Human Rights and ‘Presentational Purposes’

On 28 November 1973, Amery emphasised to the House of Commons that though “The coup itself may or may not be regarded as illegal” – and the instance of which the government “naturally” regret – “The process of law is still continuing”; “Chilean law still remains, and a number of people are being charged in accordance with Chilean law”.[41] This was an audacious claim. One study of the period observes that

“With a handful of exceptions, judges turned a blind eye to abuses by security forces and docilely collaborated as the law was transformed from a shield for individual rights into a weapon of persecution. Evidence of kidnapping and torture at the hands of police agents or rightist vigilantes was summarily rejected, while officials’ versions of events were accepted without question”.[42]

Regarding physical repression, a Conservative Party briefing paper two months after the coup, stated that the junta “is hunting down the former leaders of the Left in order to, in the words of [junta member, Air Force General] General Leigh, “extirpate the Marxist cancer from the country””.[43]

The levels of repression being unleashed in Chile troubled the British government, but not necessarily for admirable reasons. One note of December 1973 from Hugh Carless, head of the Latin America Department of the FCO, to ambassador Reginald Seconde, states: “unfortunately, there is (as you have pointed out to us) a good deal of fact behind the atrocity stories and that alone makes it impossible for us to counter the propaganda”.[44] Thus it was unfortunate that the atrocity stories were true only because they could not be denied, not because they had actually taken place.
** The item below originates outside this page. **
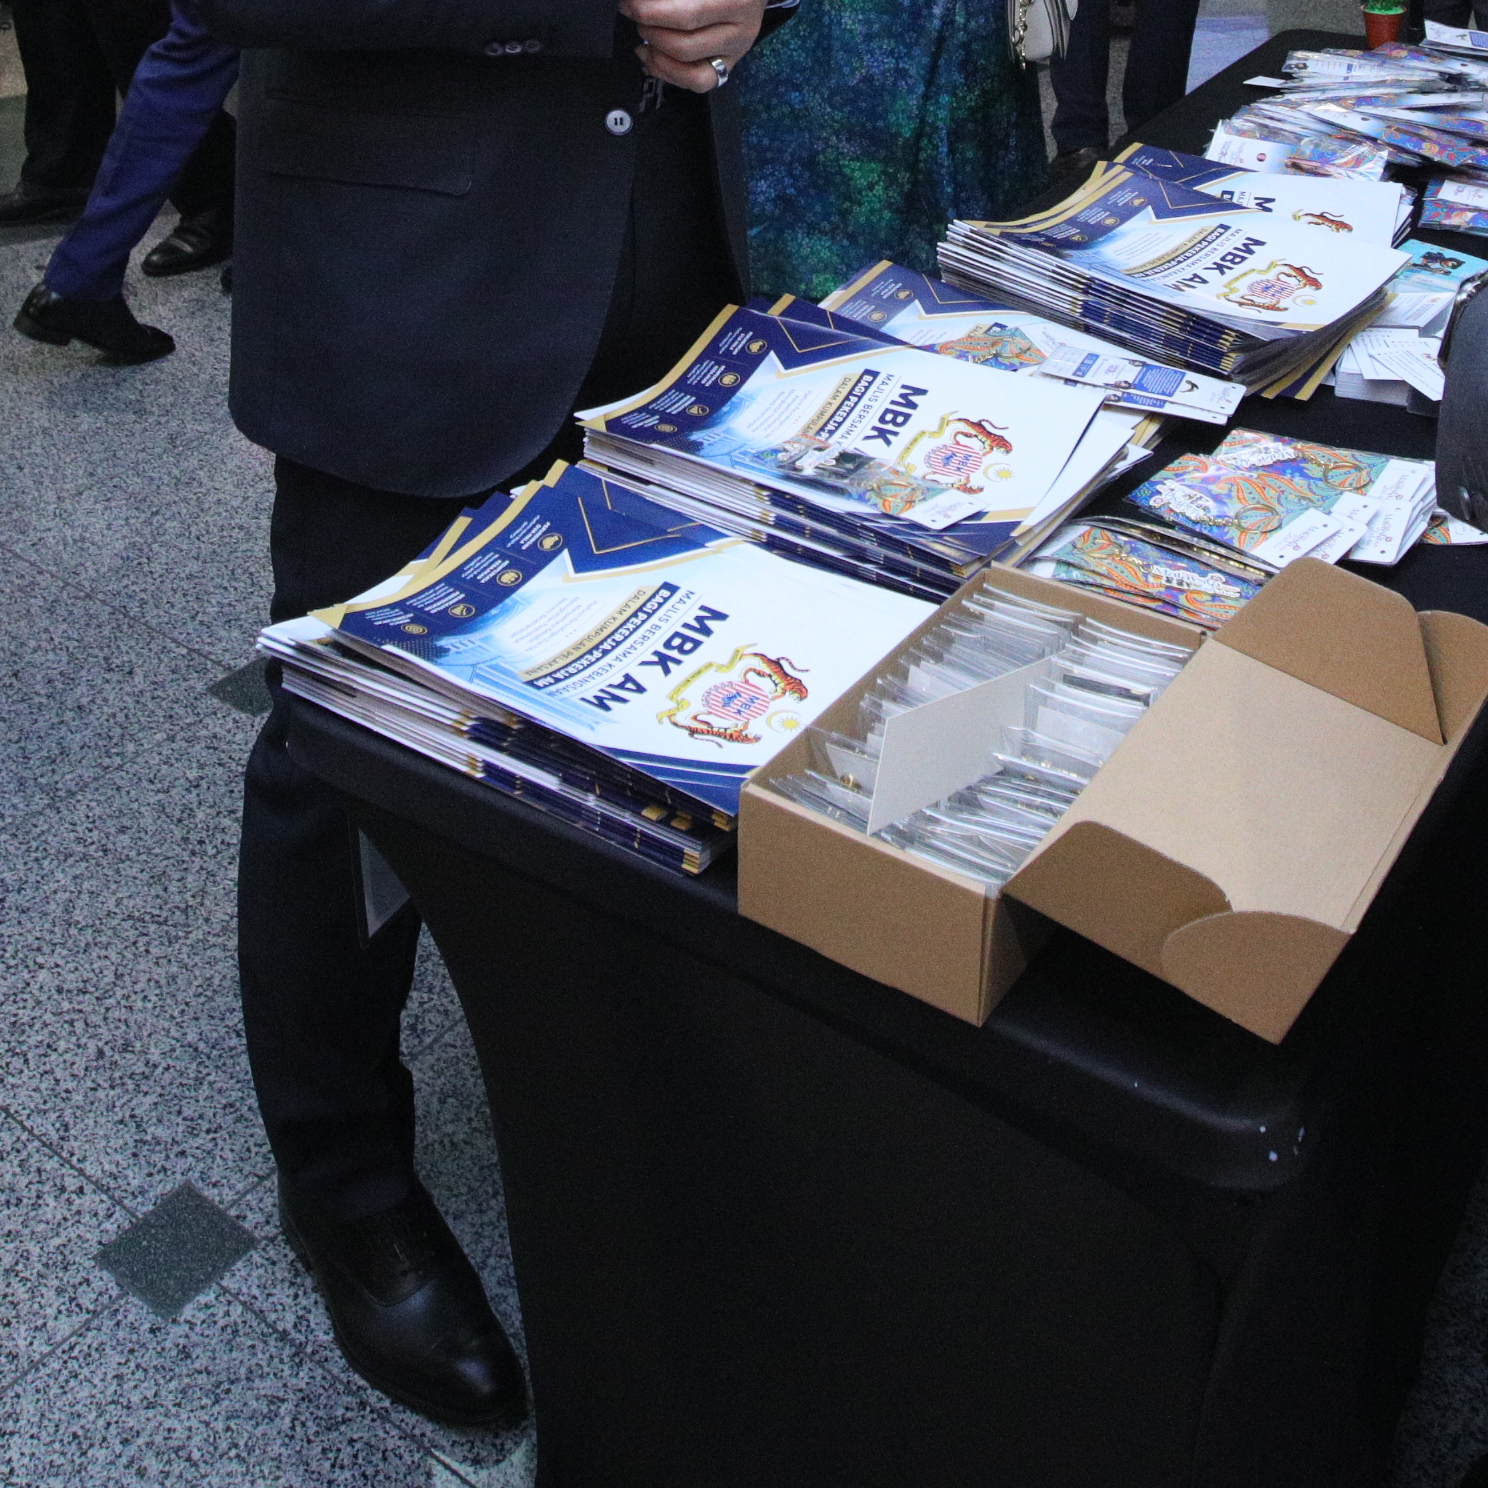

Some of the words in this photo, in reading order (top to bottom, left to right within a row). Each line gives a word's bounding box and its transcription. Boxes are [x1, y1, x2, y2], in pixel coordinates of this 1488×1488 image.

Nevertheless, perhaps it was pronouncements such as Julian Amery’s in the House of Commons that served to justify the government’s policies of refusing asylum in the embassy in Santiago and “rigorously processing applications for entry into the UK from Chileans (as opposed to non Chileans)”, which “had the effect of isolating our Mission in Santiago from other … Embassies”, in the words of Hugh Carless, as well as potentially rendering the ambassador “a target for revolutionary counter action should a violent backlash to the Junta occur”. Indeed, this fear was such that the ambassador declined a rendezvous at the Italian Embassy Residence.[45]
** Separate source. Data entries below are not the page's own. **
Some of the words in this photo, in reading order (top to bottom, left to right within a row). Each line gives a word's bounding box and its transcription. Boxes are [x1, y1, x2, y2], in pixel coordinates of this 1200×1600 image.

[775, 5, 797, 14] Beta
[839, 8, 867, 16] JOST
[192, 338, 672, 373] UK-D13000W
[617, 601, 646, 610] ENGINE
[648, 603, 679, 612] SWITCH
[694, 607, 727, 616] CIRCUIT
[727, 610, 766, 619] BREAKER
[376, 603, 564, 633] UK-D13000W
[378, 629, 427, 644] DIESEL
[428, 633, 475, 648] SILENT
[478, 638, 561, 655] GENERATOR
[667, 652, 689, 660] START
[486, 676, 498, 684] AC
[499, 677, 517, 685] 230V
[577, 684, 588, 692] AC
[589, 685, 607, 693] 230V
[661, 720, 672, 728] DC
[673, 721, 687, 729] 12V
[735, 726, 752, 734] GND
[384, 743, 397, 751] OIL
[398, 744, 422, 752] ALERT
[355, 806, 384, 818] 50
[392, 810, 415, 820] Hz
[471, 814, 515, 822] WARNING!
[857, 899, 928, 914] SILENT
Carless’ department “therefore suggested to the Home Office that for presentational and publicity purposes we should consider sending an officer out to Santiago”. The Home Office, he explained, were only prepared to put this before the Home Secretary “with the proviso … that the despatch … would be purely for presentational purposes and would not lead to any increase in the number of Chileans likely to be admitted into this country”. The department added that it had discussed the proposal with Amery, “who commented that the gambit might be worth considering. It could be represented to the Opposition as evidence that we were doing our bit and showing concern, while supporters of the government could be told in private that the immigration officer would be helping to apply the strictest vetting standards to applications for admission to Britain”.[46]

This presents the British concern for human rights as nothing more than a public relations tool. The same day, Hildyard informed the Foreign Office of his meeting with a representative of the International Committee of the Red Cross, who noted “what they described as the continuing executions” (amongst other concerns). Hildyard “said that we were much concerned by oppression anywhere”, had expressed said concern to the junta, and “had always supported the Red Cross both morally and materially”. “Speaking personally, however”, he went on, “I wondered if the Chilean government might not react badly to proposals which implied a lack of confidence in their administration of justice”.[47] This would appear to infer the preference of a tacit acceptance of executions by the Chilean dictatorship, ahead of potentially upsetting the government accused of committing the crime. Less than a week after the Latin America Department’s position on asylum was put forward, its head – Carless – effectively reiterated it, asking “Can we – without changing our policies – present our action in a light which has the effect of showing that we are more concerned about the Chilean refugee problem than our detractors allege?” This was one of four “presentational advantages”, which included “seeming to be a gesture to the UNHCR [United Nations High Commissioner for Refugees]”. At the risk of the hypothetical immigration officer being seen through as an “empty gesture”, “[h]e should therefore not stay long in Santiago”.[48]

Conclusion

While the British government speaks of a commitment to democracy and human rights, such a proclamation does not stand up to scrutiny. As this article has outlined, British “interests” – typically trade and investment – trump any concern for human rights or the democratic process – and, in fact, a sincere concern is difficult to come by. Indeed, Mark Curtis, whose work formed part of the inspiration for this study, has written:

“humanitarian concerns do not figure at all in the rationale behind British foreign policy. In the thousands of government files I have looked through for this [book, Unpeople: Britain’s Secret Human Rights Abuses] and other books, I have barely seen any reference to human rights at all. Where such concerns are invoked, they are only for public-relations purposes”.[49]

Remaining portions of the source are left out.